##### EXTRACTED DATA

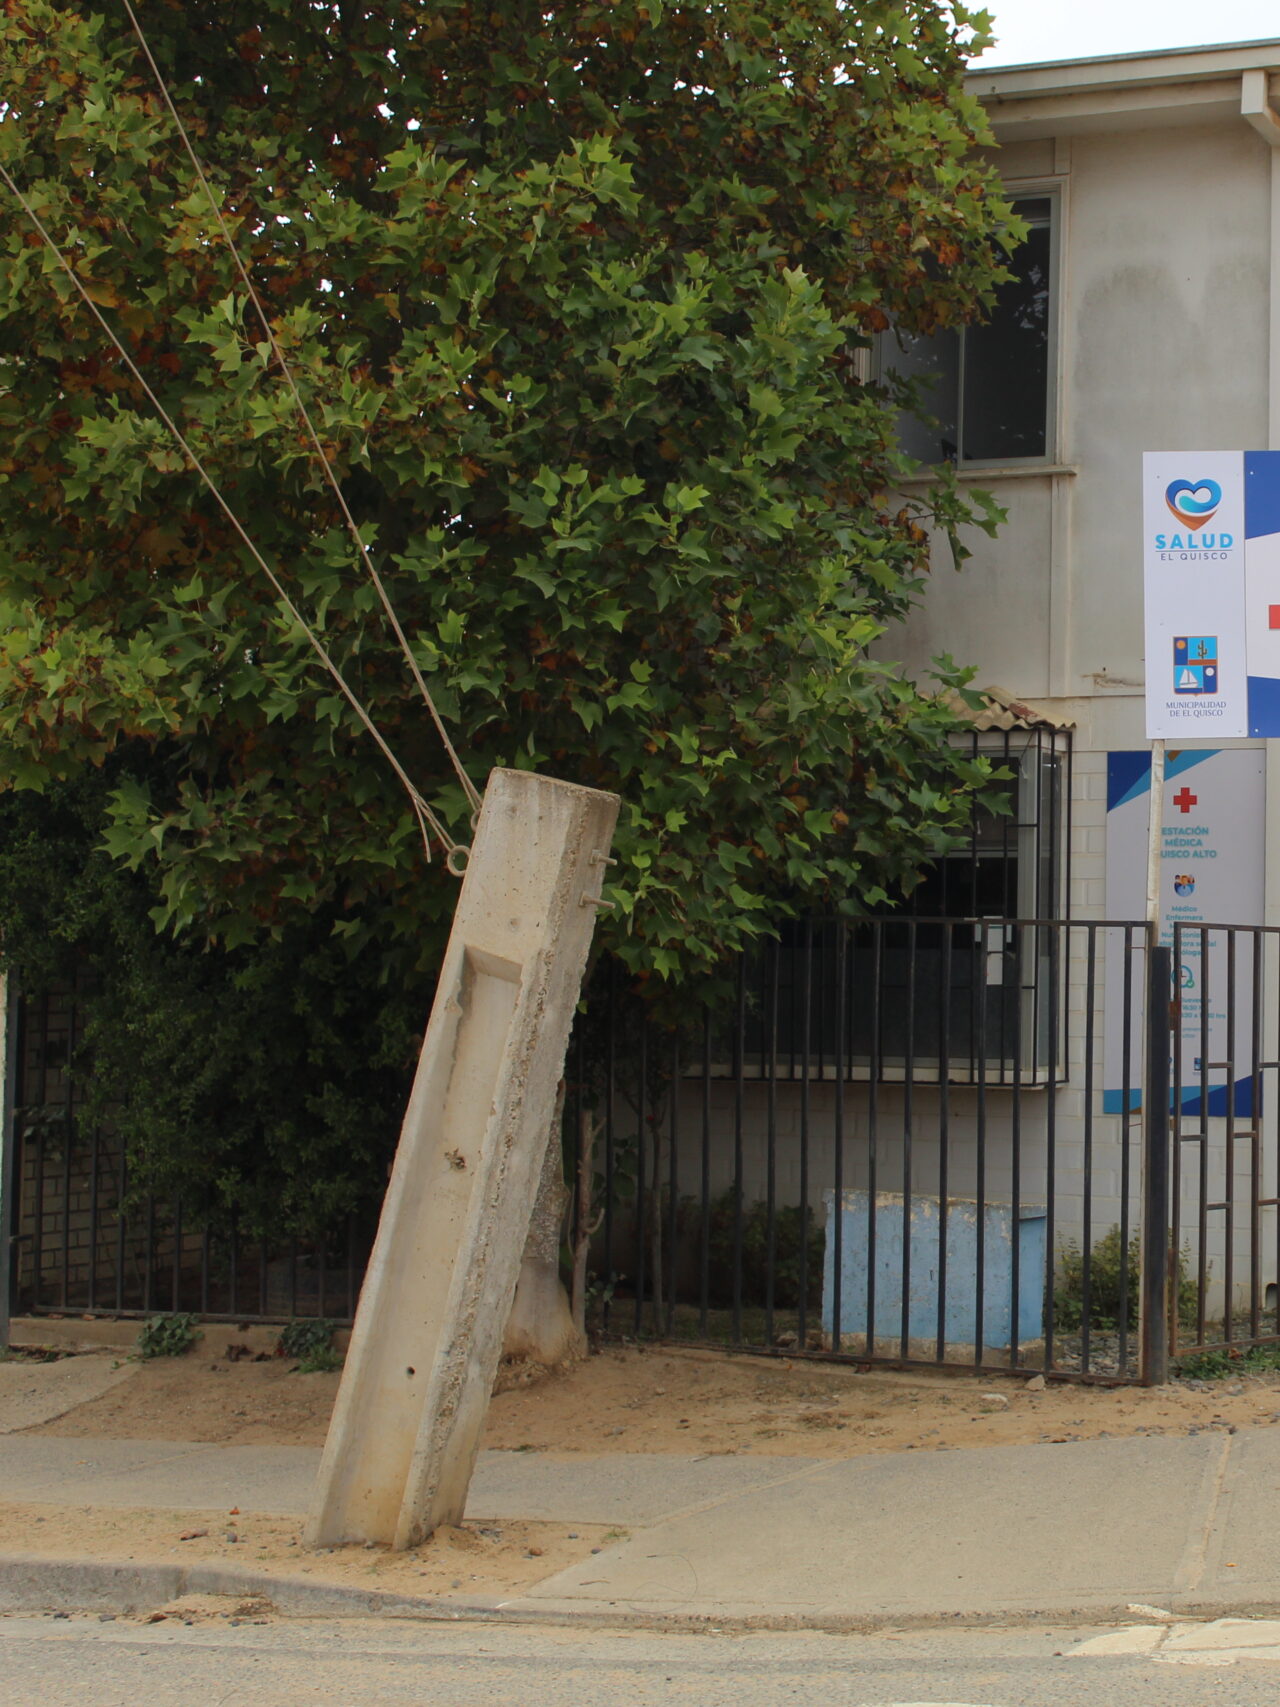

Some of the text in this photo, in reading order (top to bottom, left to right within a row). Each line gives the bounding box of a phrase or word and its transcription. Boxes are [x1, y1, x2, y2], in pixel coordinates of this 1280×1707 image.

[1155, 533, 1233, 549] SALUD
[1160, 552, 1228, 561] EL QUISCO
[1166, 701, 1227, 709] MUNICIPALIDAD
[1193, 709, 1223, 718] QUISCO
[1161, 826, 1209, 836] ESTACIÓN
[1165, 838, 1203, 847] MÉDICA
[1160, 849, 1217, 858] UISCO ALTO
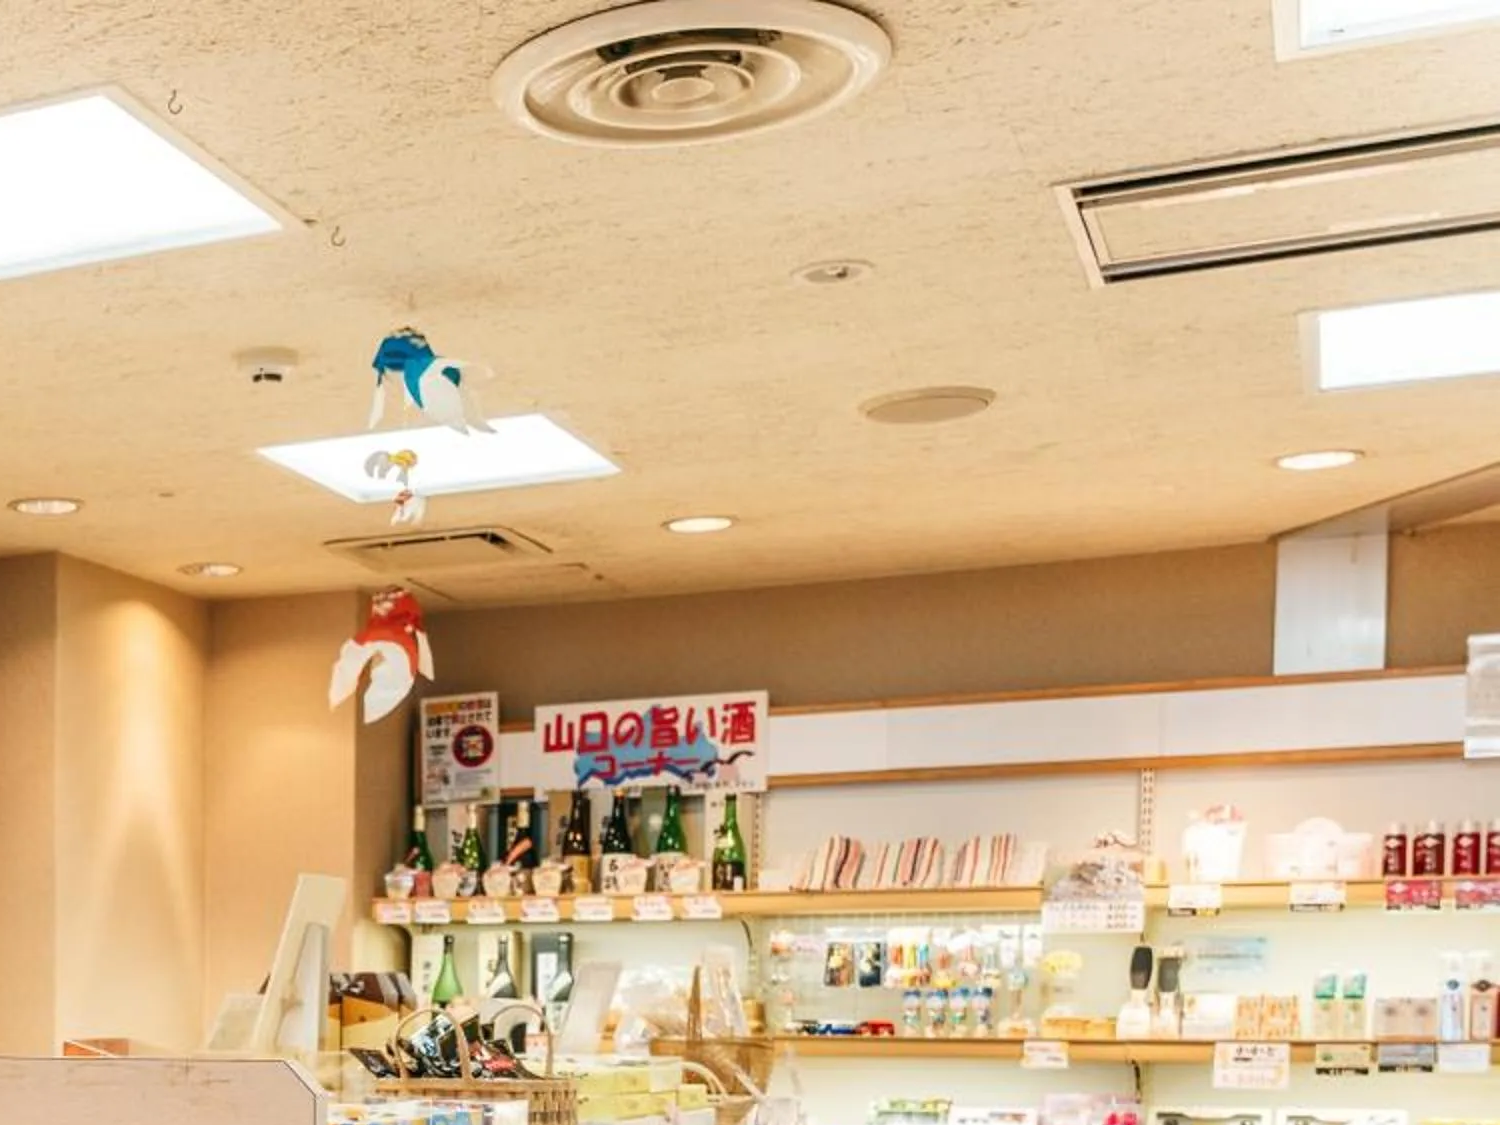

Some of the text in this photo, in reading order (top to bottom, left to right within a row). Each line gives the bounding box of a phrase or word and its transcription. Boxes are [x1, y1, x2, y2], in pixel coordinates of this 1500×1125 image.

##########

# [WORK ITEM]
Render all entries verbatim, excluding any pictures they hold.

# [TASK OUTPUT]
Some of the text in this photo, in reading order (top to bottom, left to right within a row). Each line gives the bounding box of a phrase or word and its transcription. Boxes are [x1, y1, x2, y2], in pixel coordinates of this 1280×1707 image.

[1155, 533, 1233, 549] SALUD
[1160, 552, 1228, 561] EL QUISCO
[1166, 701, 1227, 709] MUNICIPALIDAD
[1193, 709, 1223, 718] QUISCO
[1161, 826, 1209, 836] ESTACIÓN
[1165, 838, 1203, 847] MÉDICA
[1160, 849, 1217, 858] UISCO ALTO

Some of the text in this photo, in reading order (top to bottom, left to right within a row). Each line gives the bounding box of a phrase or word and its transcription. Boxes are [x1, y1, x2, y2], in pixel coordinates of this 1500×1125 image.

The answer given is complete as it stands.